* **THE TASK**: Output every line below as it stands, dropping only the images.

* **THE INPUT**:
'''

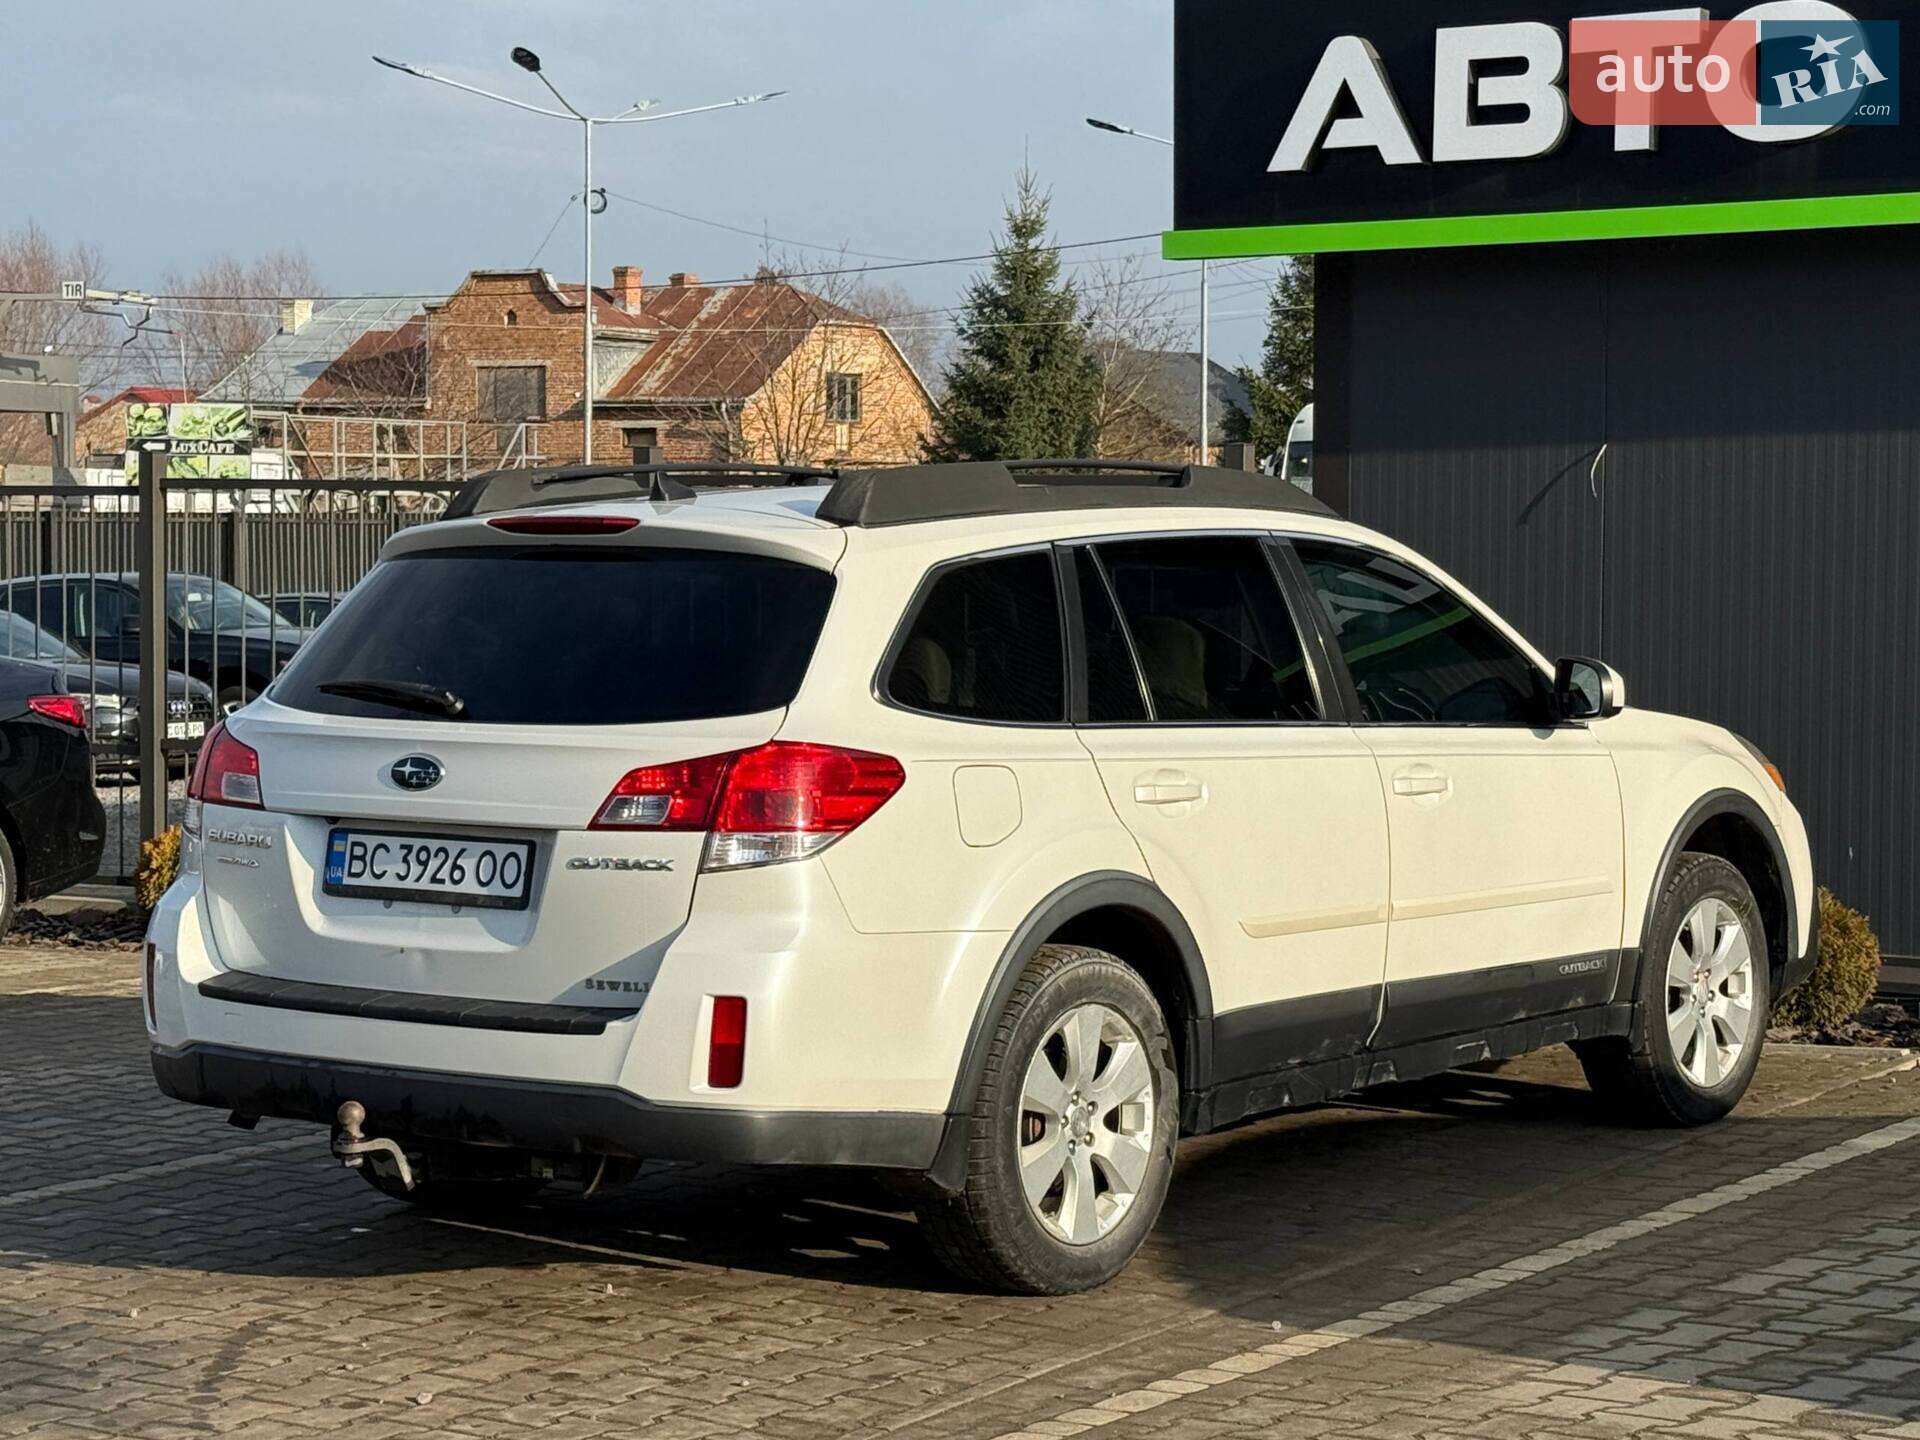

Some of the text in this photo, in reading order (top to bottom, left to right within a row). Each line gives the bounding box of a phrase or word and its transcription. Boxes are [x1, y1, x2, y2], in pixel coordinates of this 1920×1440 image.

[64, 283, 82, 297] TIR
[208, 828, 272, 848] SUBARU
[330, 865, 343, 877] UA
[347, 840, 522, 889] BC 3926 OO
[565, 856, 674, 872] OUTBACK
[1558, 956, 1608, 975] OUTBACK

'''

* **EXPECTED ANSWER**:
Some of the text in this photo, in reading order (top to bottom, left to right within a row). Each line gives the bounding box of a phrase or word and its transcription. Boxes are [x1, y1, x2, y2], in pixel coordinates of this 1920×1440 image.

[64, 283, 82, 297] TIR
[208, 828, 272, 848] SUBARU
[330, 865, 343, 877] UA
[347, 840, 522, 889] BC 3926 OO
[565, 856, 674, 872] OUTBACK
[1558, 956, 1608, 975] OUTBACK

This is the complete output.